During the fourth minute of the handgrip exercise, workload 2D ultrasound images and Doppler velocity waveforms were recorded with the last 30 seconds used for data analysis. Time‐aligned artery diameter and mean velocity were used to calculate FBF [forearm blood flow (mL·min−1)=mean velocity×π×vessel radius2×60]. Forearm vascular conductance (FVC) [mL·min−1·(100 mm Hg)−1] was calculated as the ratio of FBF to the time‐aligned MAP [forearm vascular conductance (mL·min−1·(100 mm Hg)−1)=(forearm blood flow/mean arterial pressure)×100].
Statistical Analysis
All statistical tests were conducted using a commercial statistical software package (SigmaPlot/SigmaStat 12.5; Systat Software, Point Richmond, CA). Subject characteristics were analyzed with parametric or nonparametric statistics following a Shapiro–Wilk test of normality. Cardiovascular responses with exercise were analyzed by a 2‐factor, repeated‐measures ANOVA with Student–Newman–Keuls post‐hoc analyzes. Given the large post‐treatment time frame within the cancer survivor group, linear regression analysis was used to evaluate the relationship between months post‐treatment and FBF response. Statistical significance was declared when P<0.05. All data are presented as mean±SD, unless otherwise stated.
Results
Individual cancer survivor characteristics of age, sex, months since last date of treatment, chemotherapy drugs used, and radiation exposure are presented in Table 1. Table 2 describes the baseline characteristics of each group. There were no significant differences in age, height, weight, and body mass index (BMI) between cancer survivor and control participants. Resting SBP, diastolic blood pressure (DBP), and MAP were also not different between groups (P<0.05). Forearm MVC and the absolute workload performed at 20% MVC were not different between groups. Thus, participants were performing both the same absolute and relative exercise workloads. In the cancer survivor group, 9 (82%) individuals were classified as inactive and 2 (18%) as minimally active individuals.

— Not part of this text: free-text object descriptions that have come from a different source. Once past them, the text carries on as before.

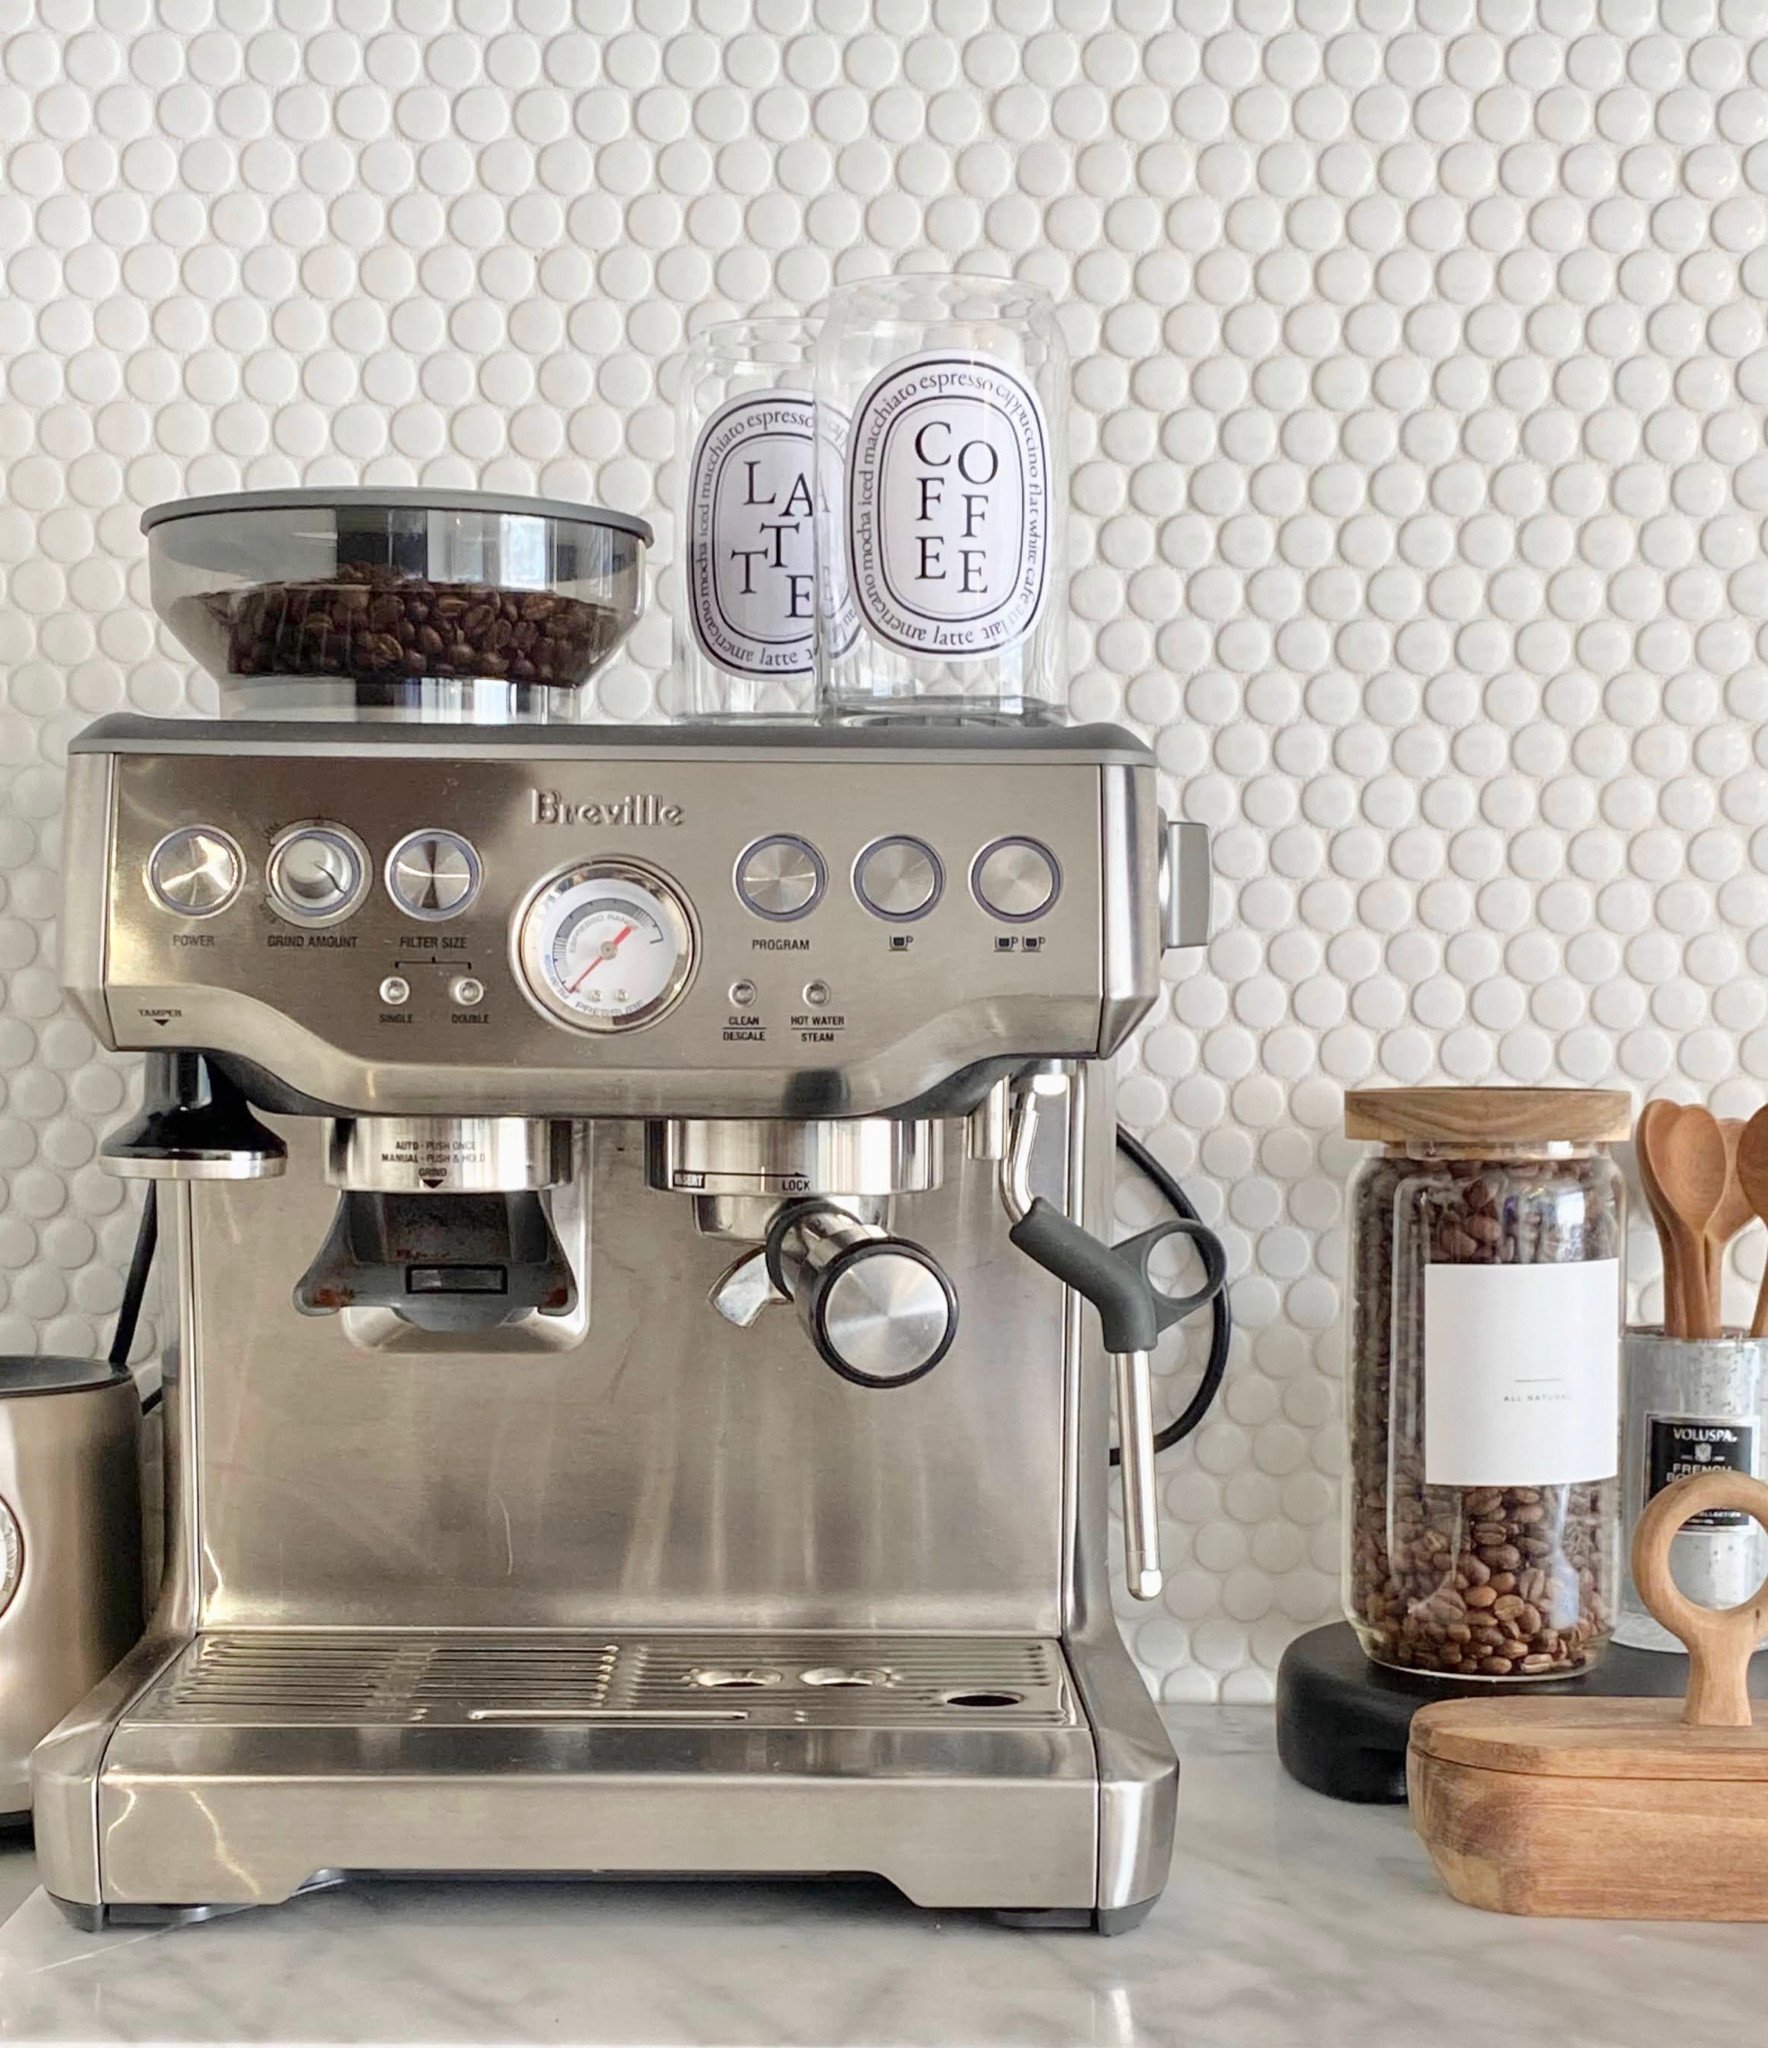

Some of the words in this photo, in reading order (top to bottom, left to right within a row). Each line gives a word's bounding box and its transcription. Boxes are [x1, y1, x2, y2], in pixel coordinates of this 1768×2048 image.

[919, 373, 994, 393] espresso
[864, 383, 917, 465] macchiato
[995, 384, 1039, 479] cappuccino
[701, 422, 745, 499] macchiato
[858, 469, 874, 507] iced
[1028, 482, 1042, 514] flat
[698, 503, 711, 536] iced
[857, 511, 874, 571] mocha
[1028, 519, 1041, 564] white
[696, 542, 710, 597] mocha
[864, 573, 927, 641] americano
[702, 600, 754, 662] americano
[932, 625, 975, 647] latte
[759, 648, 797, 666] latte
[531, 788, 685, 827] Breville
[172, 934, 216, 947] POWER
[267, 936, 303, 948] GRIND
[307, 936, 359, 949] AMOUNT
[400, 937, 439, 949] FILTER
[442, 937, 468, 949] SIZE
[752, 939, 810, 951] PROGRAM
[138, 1009, 183, 1018] TAMPER
[378, 1013, 414, 1025] SINGLE
[451, 1013, 490, 1025] DOUBLE
[728, 1016, 760, 1026] CLEAN
[790, 1016, 809, 1026] HOT
[812, 1016, 845, 1026] WATER
[723, 1031, 766, 1042] DESCALE
[801, 1033, 835, 1043] STEAM
[395, 1141, 419, 1151] AUTO
[426, 1141, 450, 1151] PUSH
[452, 1141, 476, 1151] ONCE
[381, 1153, 418, 1163] MANUAL
[426, 1154, 450, 1163] PUSH
[418, 1167, 448, 1178] GRIND
[782, 1179, 811, 1191] LOCK

The control group was composed of 6 (67%) inactive and 3 (33%) minimally active individuals.
Table 1.
Cancer Survivor Treatment Characteristics
| ID No. | Age (y) | Sex | Cancer Type | Months Post‐Treatment | Chemotherapy Treatment | Radiation Treatment |
|---|---|---|---|---|---|---|
| 1 | 55 | F | Breast cancer | 41 | Cytoxan+taxol | Yes |
| 2 | 54 | F | Breast cancer | 35 | Adriamyacin+cytoxan+ taxotere+abraxane | Yes |
| 3 | 59 | F | Breast cancer | 121 | Taxotere+neupogen | No |
| 4 | 56 | F | Breast cancer | 40 | Herceptin+taxotere+carboplatin+fermara | No |
| 5 | 59 | M | Lymphoma | 31 | Cytoxan+adriamycin+vincristine+etoposide prednisone+ifosamide+caroplatin | Yes |
| 6 | 52 | F | Breast cancer | 36 | Taxotere+cytoxan | Yes |
| 7 | 67 | F | Breast cancer | 22 | Taxotere+cytoxan+neulasta | No |
| 8 | 69 | F | Breast cancer | 12 | Arimidex+aromasin | Yes |
| 9 | 52 | F | Breast cancer | 13 | Adriamycin+cytoxan+taxol | Yes |
| 10 | 52 | F | Breast cancer | 9 | Adriamycin+cytoxan+methotrexate+fluorouracil+tamoxifen+taxotere+perjeta+herceptin+faslodex+arimidex | Yes |
| 11 | 62 | F | Breast cancer | 21 | Tamoxifen | Yes |
Table 2.
Participant Characteristics
| Characteristics | Value |
|---|---|
| Control participants | |
| Sex (M/F) | 1/8 |
| Age, y | 56±6 |
| Height, cm | 166.7±6.0 |
| Weight, kg | 72.1±17.7 |
| BMI, kg/m2 | 25.5±6.5 |
| MVC, kg | 30±8 |
| Heart rate, bmp | 61±9 |
| SBP, mm Hg | 148±23 |
| DBP, mm Hg | 78±6.0 |
| Cancer subjects | |
| Sex (M/F) | 1/10 |
| Age, yr | 58±6 |
| Height, cm | 167.0±4.5 |
| Weight, kg | 79.9±19.54 |
| BMI, kg/m2 | 28.6±6.3 |
| MVC, kg | 28±8 |
| Heart rate, bpm | 67±6 |
| SBP, mm Hg | 150±22 |
| DBP, mm Hg | 76±11 |
Values expressed as means±SD. BMI indicates body mass index; bpm, beats per minute; DBP, diastolic blood pressure; MVC, maximal voluntary contraction; SBP, systolic blood pressure.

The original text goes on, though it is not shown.